Rounding to the nearest quarter makes communication easier in person: “$0.50 each” is cleaner than “$0.47 each”.


Condition Adjustments

Prices are always calculated at Near Mint first, then scaled down by condition. The default adjustments are:

ConditionMultiplier
Near Mint100%
Lightly Played90%
Moderately Played75%
Heavily Played60%
Damaged40%

Example: Lightning Bolt NM buy price is $2.00. A customer submitting 4x LP copies gets $1.80 each — $7.20 total.

You can adjust these multipliers per-buylist in your buylist settings.


The Cascade: Last Matching Rule Wins

Rules are numbered. Every rule is tested against a card.
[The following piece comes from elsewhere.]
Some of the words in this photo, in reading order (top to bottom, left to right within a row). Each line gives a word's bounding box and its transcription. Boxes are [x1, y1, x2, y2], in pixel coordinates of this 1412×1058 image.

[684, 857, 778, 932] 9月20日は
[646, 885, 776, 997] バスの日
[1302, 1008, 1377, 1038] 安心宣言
The last rule that matches is the one that applies.

Example cascade:

Position 1: All cards            → 40% of market, min $0.05
Position 2: Rare or Mythic       → 50% of market
Position 3: Market price $20+    → 55% of market
Position 4: Market price $100+   → 60% of market
Position 5: Foils                → 45% of market

A $150 foil mythic:

  • Matches rule 1 → 40%
  • Matches rule 2 → 50%
  • Matches rule 3 → 55%
  • Matches rule 4 → 60%
  • Matches rule 5 → 45%

Result: 45% (last match wins — rule 5 fires last)

If you want foils and high-value cards to both get premiums, put the foil rule before the value rules so the value rule fires last.
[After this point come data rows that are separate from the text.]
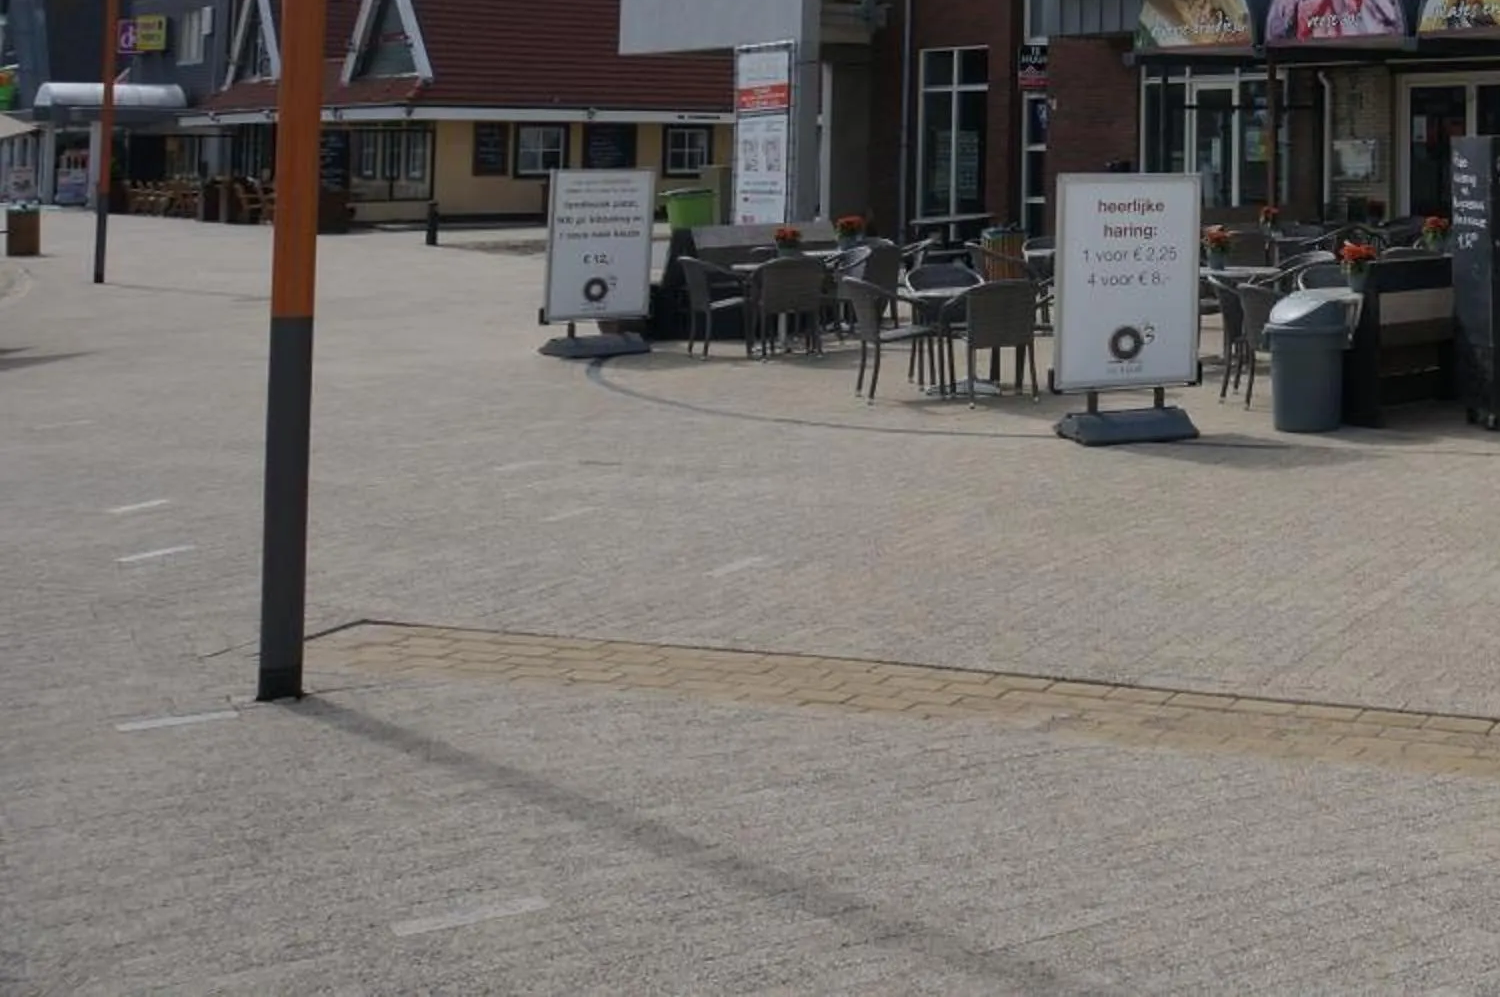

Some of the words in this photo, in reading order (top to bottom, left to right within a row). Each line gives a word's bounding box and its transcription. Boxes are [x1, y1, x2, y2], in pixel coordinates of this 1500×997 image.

[1097, 198, 1166, 216] heerlijke
[1103, 224, 1159, 240] haring:
[1095, 249, 1128, 263] voor
[1087, 272, 1097, 287] 4
[1101, 273, 1135, 287] voor
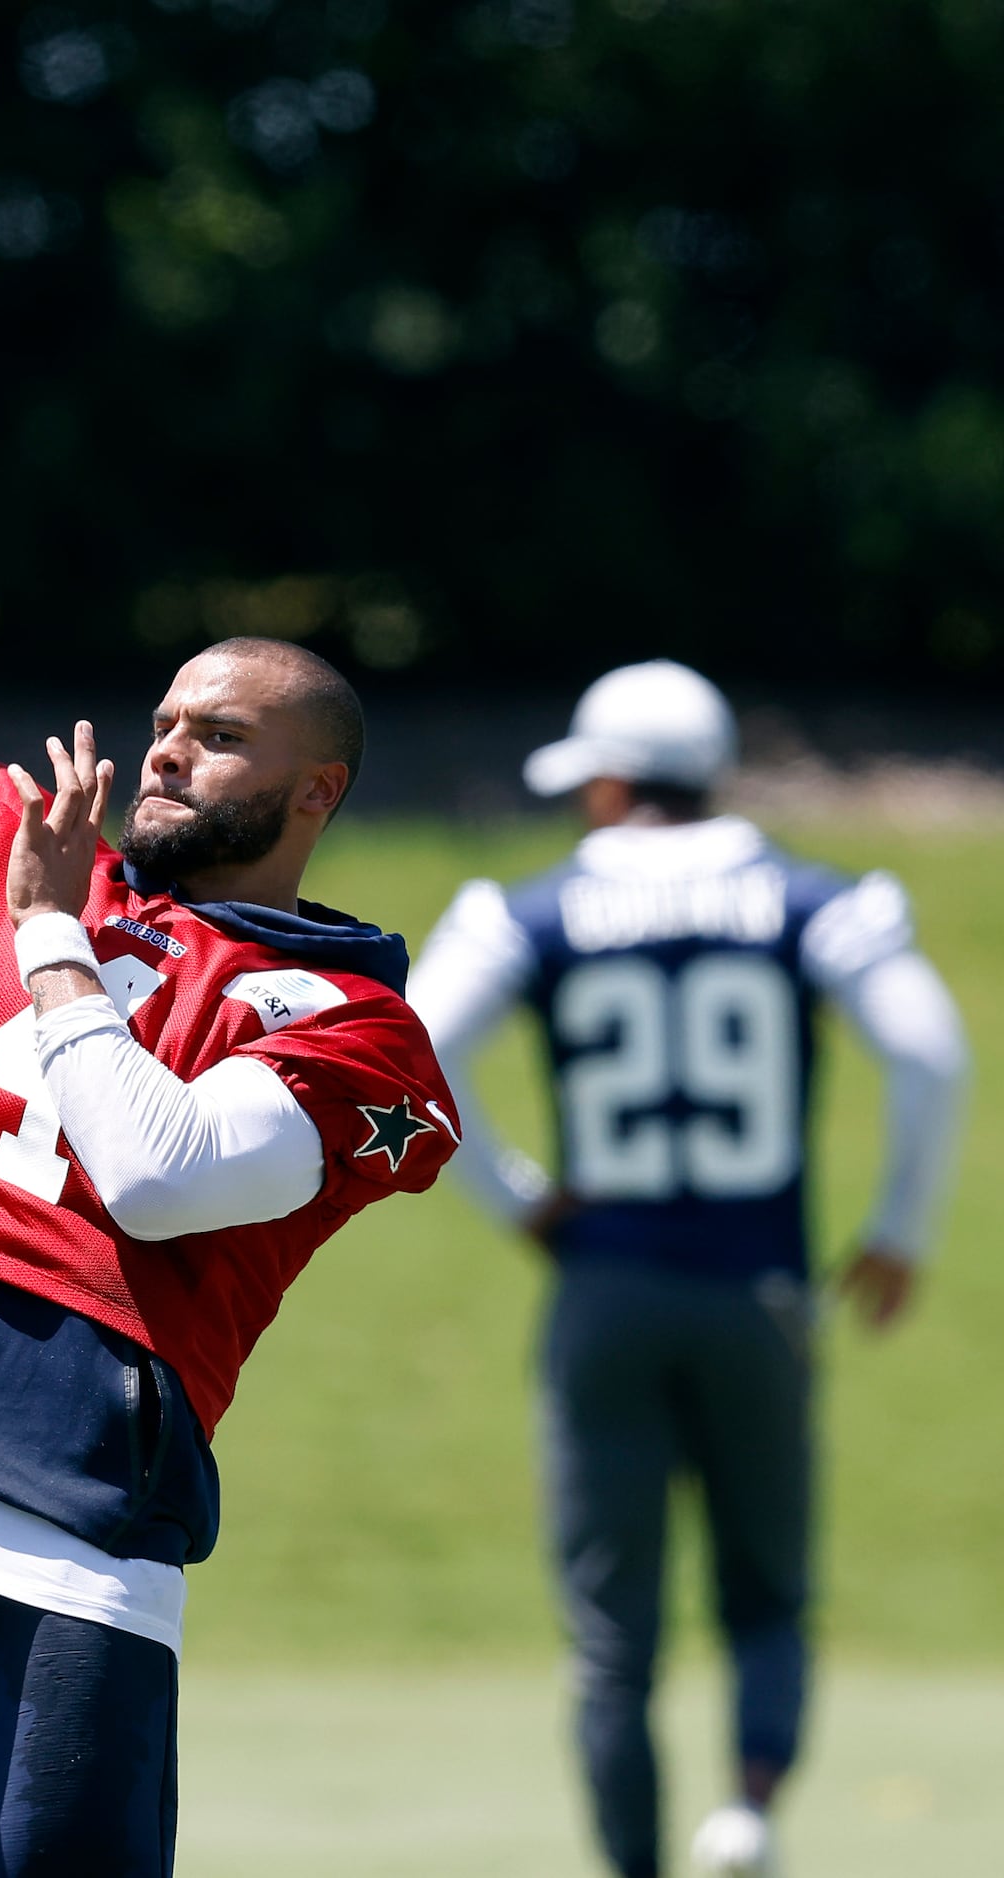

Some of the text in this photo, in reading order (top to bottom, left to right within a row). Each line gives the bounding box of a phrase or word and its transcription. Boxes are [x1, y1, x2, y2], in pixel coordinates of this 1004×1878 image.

[104, 916, 187, 958] COWBOYS
[244, 985, 291, 1019] AT&T
[555, 955, 798, 1200] 29
Cookbook: Common Rule Setups

Standard Store: Pay Off Your List Price

You price your inventory, and your buylist tracks those prices.

Position 1: All cards            → 50% of list, min $0.05
Position 2: Market $20+          → 55% of list
Position 3: Market $100+         → 60% of list

This gives you a consistent 50% margin on everything, with slightly better rates to attract high-end singles.


Market-Based: No Inventory Pricing Required

You don’t maintain sell prices. Buy off the market feed directly.

Position 1: All cards            → 40% of market, min $0.05
Position 2: Mythic               → 50% of market
Position 3: Foil                 → 45% of market

Bulk-Friendly: Fixed Rates for Low-Value Cards

You want to accept bulk but don’t want to negotiate on commons.

Position 1: All cards            → 50% of list, min $0.10
Position 2: Market under $0.50   → $0.02 fixed
Position 3: Market under $1.00   → $0.05 fixed

Rules 2 and 3 override the percentage for cheap cards with predictable flat rates. A customer submitting 200 bulk commons knows exactly what they’ll get.


Event Prep: Hot Cards at a Premium

You’re hosting a tournament and need specific cards urgently.

Position 1: All cards            → 45% of market, min $0.05
Position 2: Mythic/Rare          → 55% of market
Position 3: Set code = DSK       → 60% of market   (the new set you need)
Position 4: Card name = "Atraxa" → 70% of market   (one specific card you're out of)

Customers notice when your prices on specific cards spike — it drives targeted submissions.


Presale / Chase Mythics at a Premium

You’re willing to pay up for specific chase cards.

Position 1: All cards            → 50% of list, min $0.05
Position 2: Market price $50+    → 65% of list
Position 3: Card name = "Black Lotus" → 70% of market, max $5,000

The max price ceiling prevents runaway offers if market data is ever stale or incorrect.


Manual Price Overrides

Any individual card on the buylist can have its price manually set, bypassing rules entirely. This is useful for one-off exceptions — a card whose market price is notoriously unreliable, or a card you’re currently not buying.

To reset a card back to rule-calculated pricing, use Reset to calculated on the individual card.


Prices Update Automatically

When market prices change (Sideboard syncs pricing data regularly), Sideboard’s buy engine recalculates your buy prices automatically. You don’t need to do anything. Cards with manual overrides are not affected.